§ WHAT THE TASK ASKS:
Transcribe the listing exactly; drop the images.

§ EXERCISE MATERIALS:
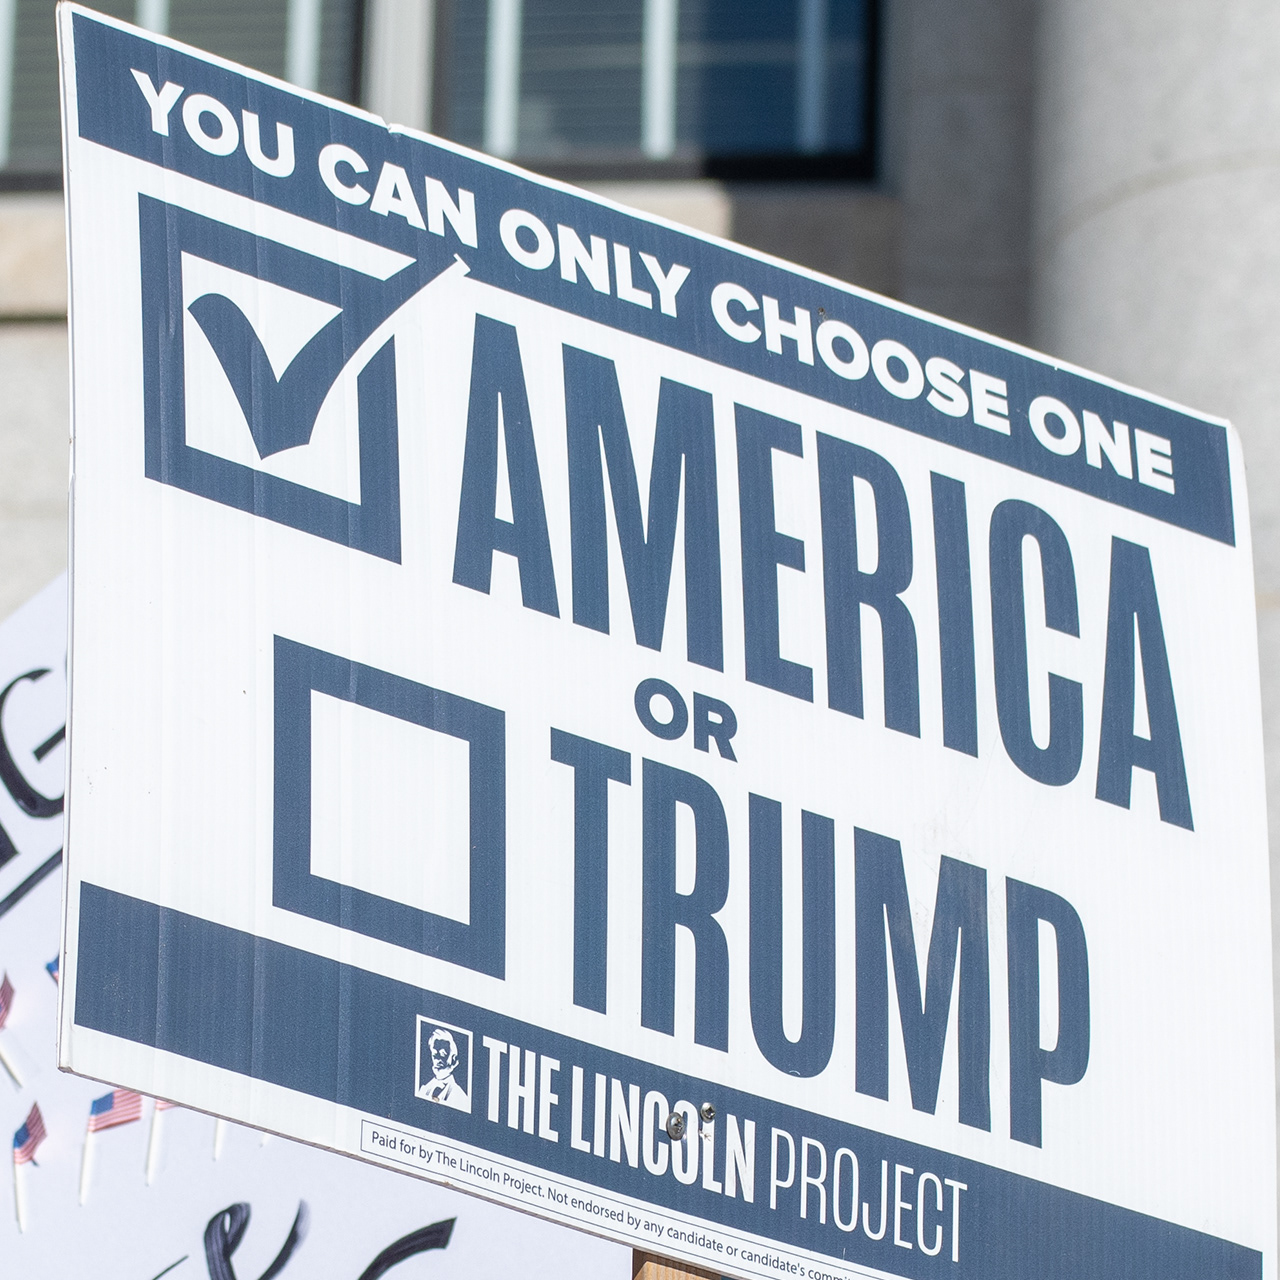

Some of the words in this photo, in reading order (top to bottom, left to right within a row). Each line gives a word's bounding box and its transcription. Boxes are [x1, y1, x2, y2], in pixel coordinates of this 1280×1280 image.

[130, 68, 296, 178] YOU
[318, 144, 478, 249] CAN
[499, 209, 691, 318] ONLY
[710, 282, 1011, 435] CHOOSE
[1029, 396, 1176, 494] ONE
[453, 312, 1195, 832] AMERICA
[634, 678, 738, 763] OR
[550, 727, 1091, 1148] TRUMP
[371, 1130, 397, 1150] Paid
[399, 1140, 416, 1155] for
[419, 1145, 433, 1164] by
[435, 1150, 457, 1169] The
[459, 1157, 500, 1183] Lincoln
[503, 1172, 545, 1198] Project.
[547, 1187, 569, 1206] Not
[570, 1197, 624, 1223] endorsed
[627, 1212, 641, 1230] by
[643, 1219, 664, 1238] any
[667, 1226, 724, 1253] candidate
[726, 1246, 739, 1257] or
[740, 1251, 806, 1277] candidate's
[482, 1036, 559, 1142] THE
[571, 1065, 756, 1204] LINCOLN
[770, 1126, 968, 1263] PROJECT

§ ANSWER SPACE:
Some of the words in this photo, in reading order (top to bottom, left to right within a row). Each line gives a word's bounding box and its transcription. Boxes are [x1, y1, x2, y2], in pixel coordinates of this 1280×1280 image.

[130, 68, 296, 178] YOU
[318, 144, 478, 249] CAN
[499, 209, 691, 318] ONLY
[710, 282, 1011, 435] CHOOSE
[1029, 396, 1176, 494] ONE
[453, 312, 1195, 832] AMERICA
[634, 678, 738, 763] OR
[550, 727, 1091, 1148] TRUMP
[371, 1130, 397, 1150] Paid
[399, 1140, 416, 1155] for
[419, 1145, 433, 1164] by
[435, 1150, 457, 1169] The
[459, 1157, 500, 1183] Lincoln
[503, 1172, 545, 1198] Project.
[547, 1187, 569, 1206] Not
[570, 1197, 624, 1223] endorsed
[627, 1212, 641, 1230] by
[643, 1219, 664, 1238] any
[667, 1226, 724, 1253] candidate
[726, 1246, 739, 1257] or
[740, 1251, 806, 1277] candidate's
[482, 1036, 559, 1142] THE
[571, 1065, 756, 1204] LINCOLN
[770, 1126, 968, 1263] PROJECT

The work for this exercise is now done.